DC WAS MAGA BURNING MAN
Damn, 2021 did not come to play.
I was going to spend today’s newsletter extolling the virtues of Dry January and being “social media sober,” but the MAGA gurls storming DC and temporarily turning it into their own Capitol Hill Autonomous Zone snapped my resolve to stay logged off.
So I spent all day yesterday glued to my screens, watching at least ten Twitch livestreams while deliriously thumbing through Twitter texting friends and lurking the discourse on Discord. Cataclysmic news events unfold like data tsunamis, with the real action happening in a memer-commentariat metaverse far far away from the Boomer traditional news chatter.
A couple hours into my marathon news binge—as my brain was besieged by images of pasty white dudes in animal horns and fur cloaks roaming the halls of the Capitol Building—it became evident that this idiotic mob’s antics were not made for TV, but for TikTok. All these Trumpers swagged out in headdresses like Buffalo Bill cosplay, all these anarcho-primitivist ass, caveman LARP looks? This is what thirst trapping for social media virality (and virility) looks like in the age of QAnon-—where these costumed cavemen plunder physical reality as endless material for photo-ops to be deployed in the real battleground of memetic warfare.
In fact, I am going to posit that what happened yesterday was not a coup but a carnival, in both the Burning Man and Bakhtin sense of the word. I’ve been writing a lot about the purpose of partying in political resistance—most recently in this sprawling essay I wrote for Document Journal—and the libidinous chaos scaling the walls of Capitol Hill yesterday had some serious Meth ParTy Energy. This is dark euphoria.
SHROOMS ARE THE NEW WEED
TBH I’ve been getting restless with weed. I moved to LA under the spell of a fantasy that I’d witness a stoner revolution, wondering naively what kind of collective awakening would happen once this drug went mainstream. This dream of THC-assisted transcendence never really materialized, but a mess of headache regulations, exorbitant taxes, and borderline snake oil products that reduced cannabis to its most inoffensive facets arrive in its wake (sorry, CBD is so over).
I watched cannabis go from counterculture to capitalist cash cow, morphing into a mundane industry dominated by stoner bros and IPOs.

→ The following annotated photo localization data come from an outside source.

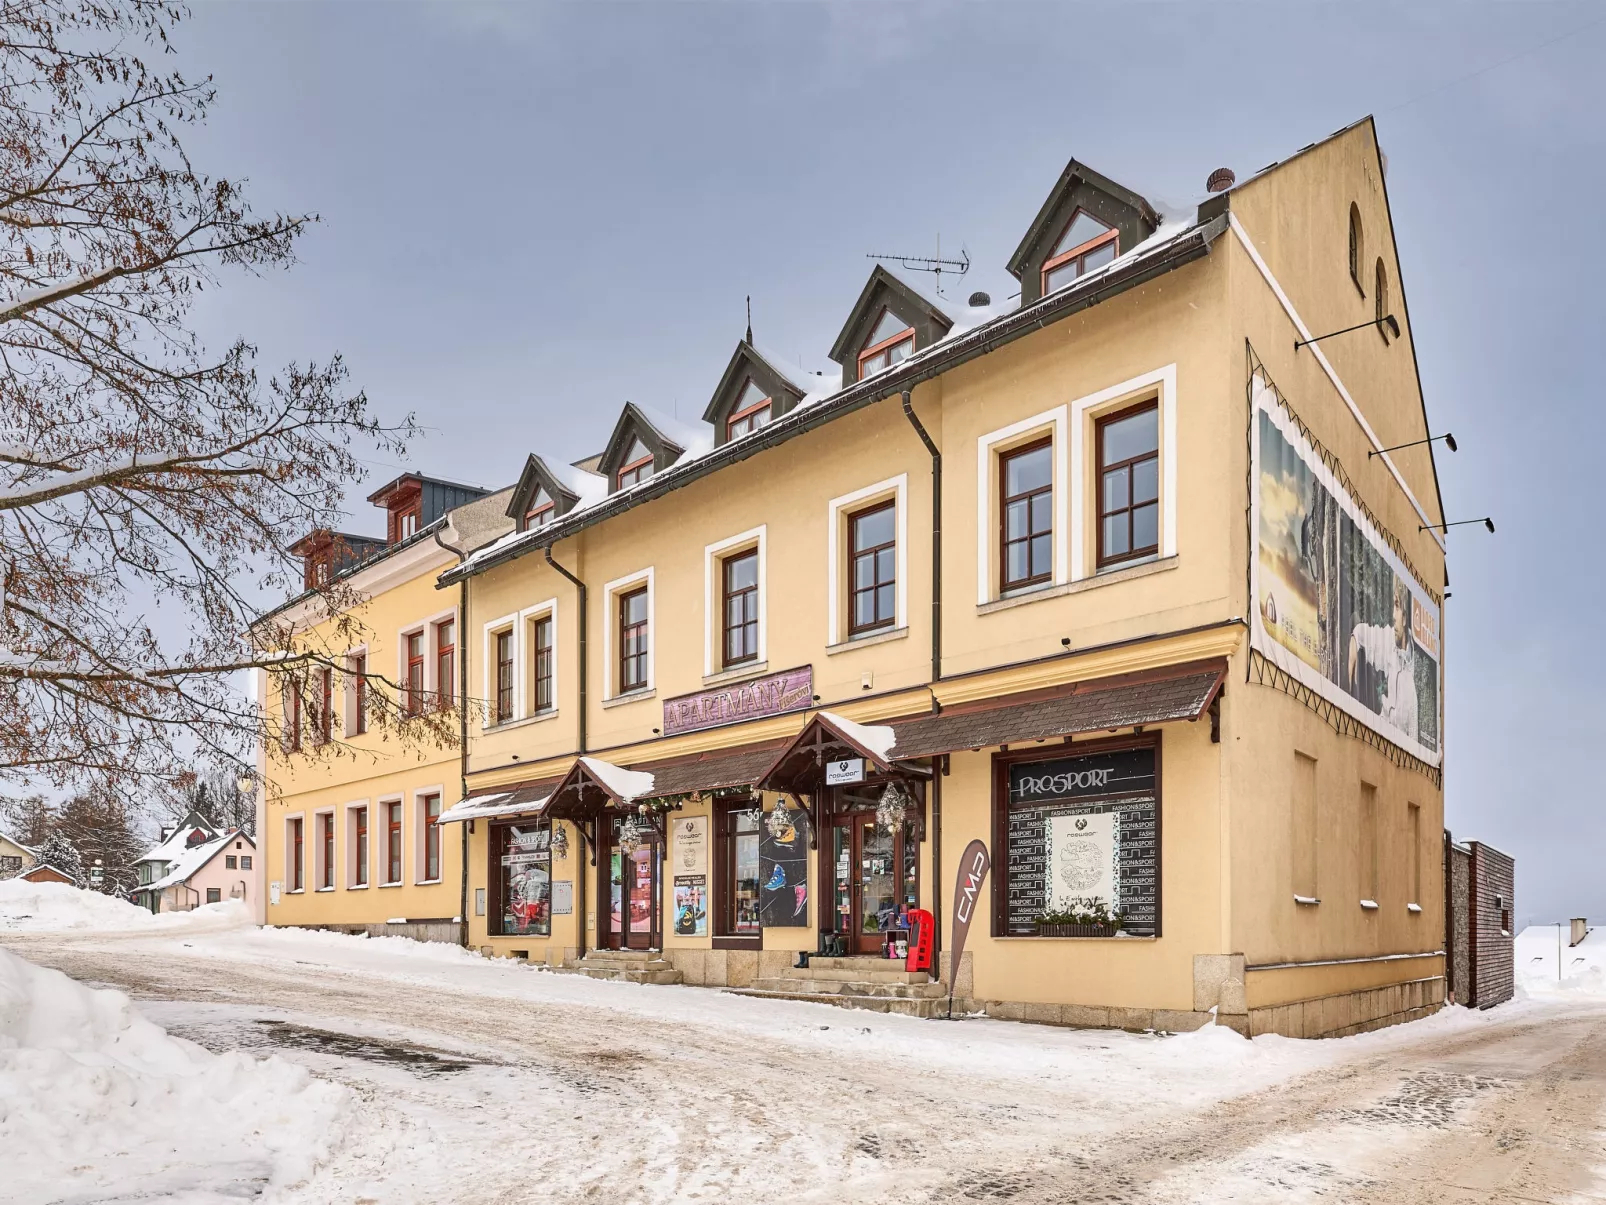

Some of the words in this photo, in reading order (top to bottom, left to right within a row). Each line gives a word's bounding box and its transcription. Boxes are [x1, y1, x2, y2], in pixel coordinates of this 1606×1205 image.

[666, 679, 788, 728] APARTMÁNY
[1019, 769, 1115, 797] PROSPORT
[957, 851, 985, 923] CMP
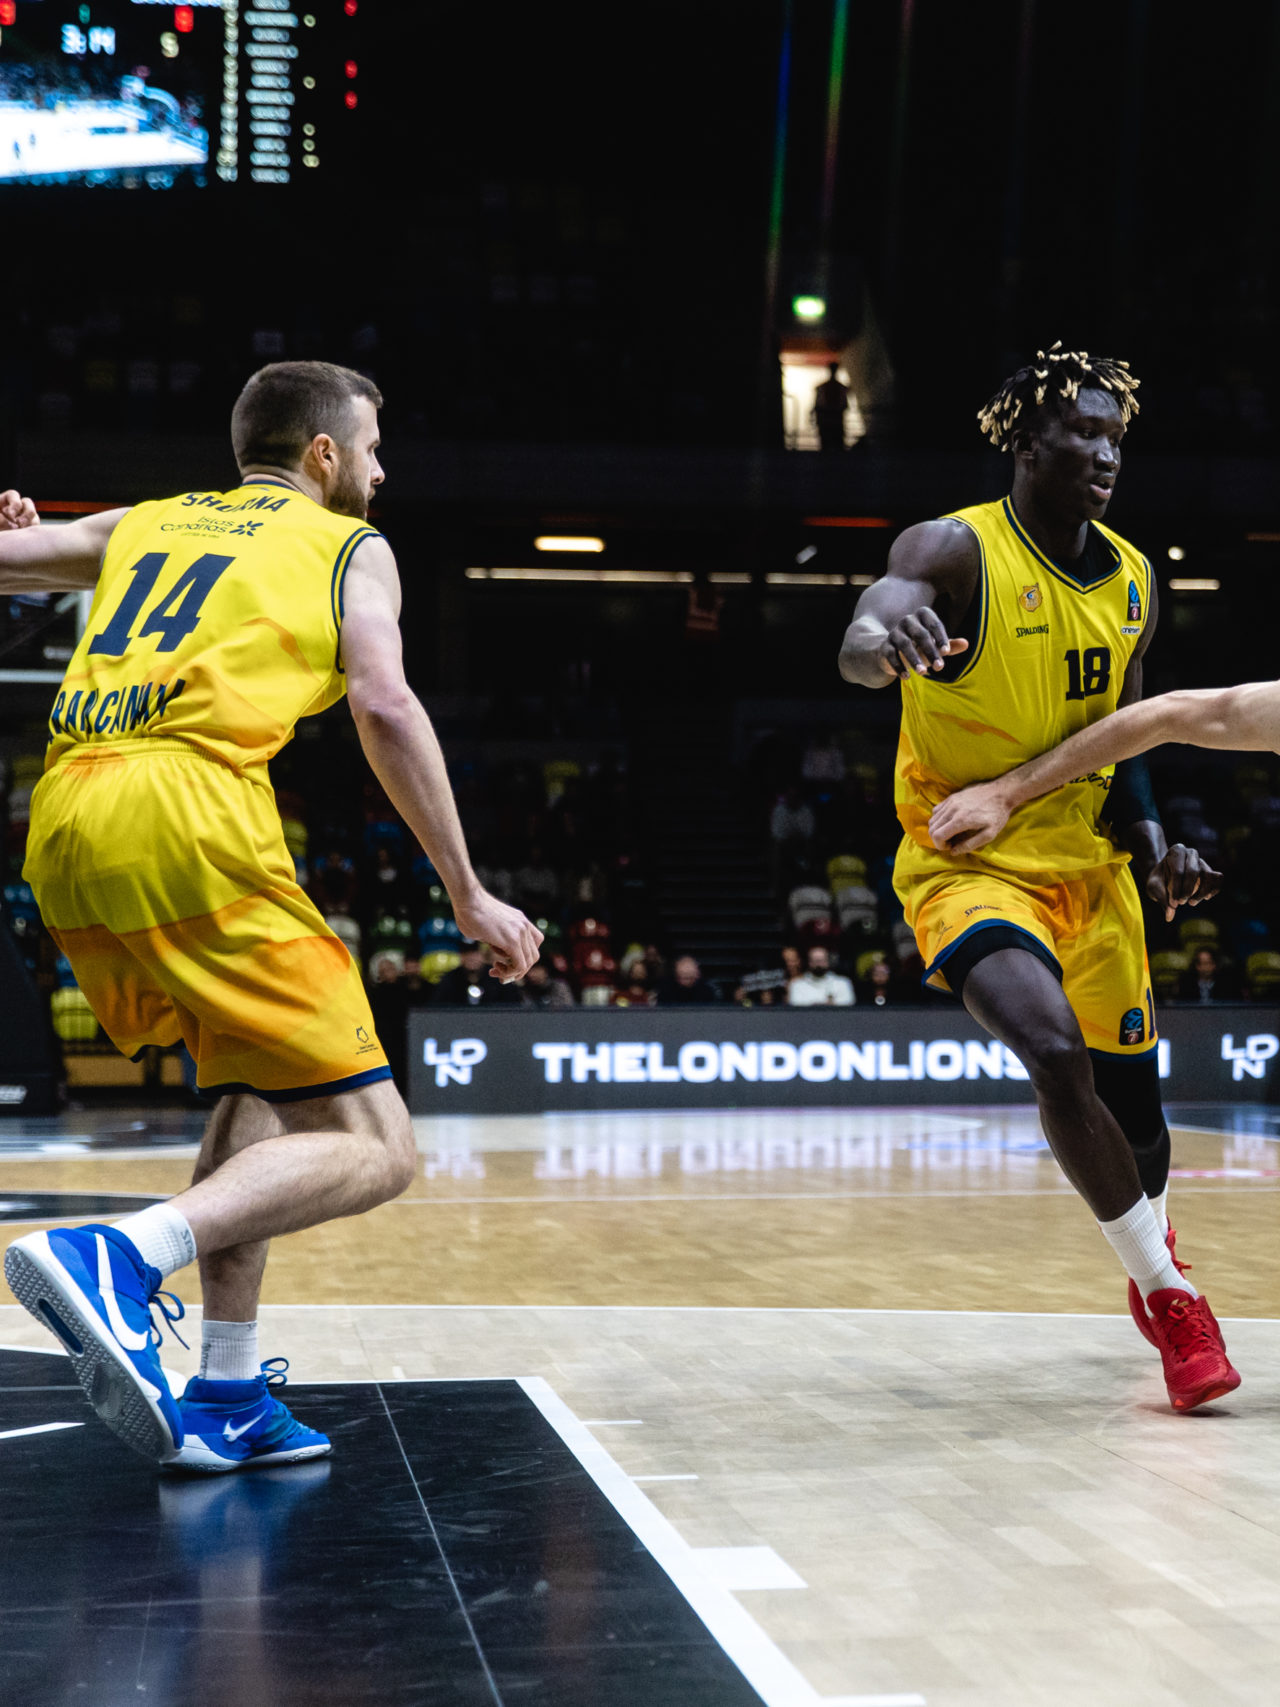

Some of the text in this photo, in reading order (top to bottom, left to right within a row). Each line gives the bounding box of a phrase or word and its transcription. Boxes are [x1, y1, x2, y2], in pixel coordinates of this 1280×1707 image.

[87, 552, 236, 657] 14
[1016, 623, 1049, 638] SPALDING
[1063, 647, 1112, 701] 18

So can you blame me for moseying over to the shroom scene, which is booming with the type of electric possibility that lured me towards cannabis in the first place? I can’t leave my house in LA these days without meeting someone working on some artisanal shroom brand, and I’ve become obsessed with documenting all the cute packaging and products flooding the market—microdose LSD kits, DMT vapes, and shroom chocolates seem to be especially chic right now.
RAVE TO THE GRAVE
I’m back in Brooklyn, bitches, and this time, I’m seeking rave redemption. After pit stops in Washington DC for an epic protest-party, and Minneapolis to visit the (extremely underreported) George Floyd memorial autonomous zone, the final stop of my 2020 protest tour brings me back to New York, the city that nearly suffocated me in its toxic fumes the last time I swooped in—yet I always come crawling back, because New York nightlife might be my most fatal addiction.
Raving in a pandemic is a thorny problematic fraught with both political and moralistic considerations. When large social gatherings become synonymous with public health disasters, the risks of raving can be difficult to justify—especially as masks come off and social distancing is thrown out the window as the night falls into boozy stupors. Parties have become hotbeds for the community spread of this disease, and recent indoor raves in Berlin have resulted in dozens of infections. At a time when personal risk is also community risk, one person’s party antics could end up jeopardizing many more people who did not consent to their act.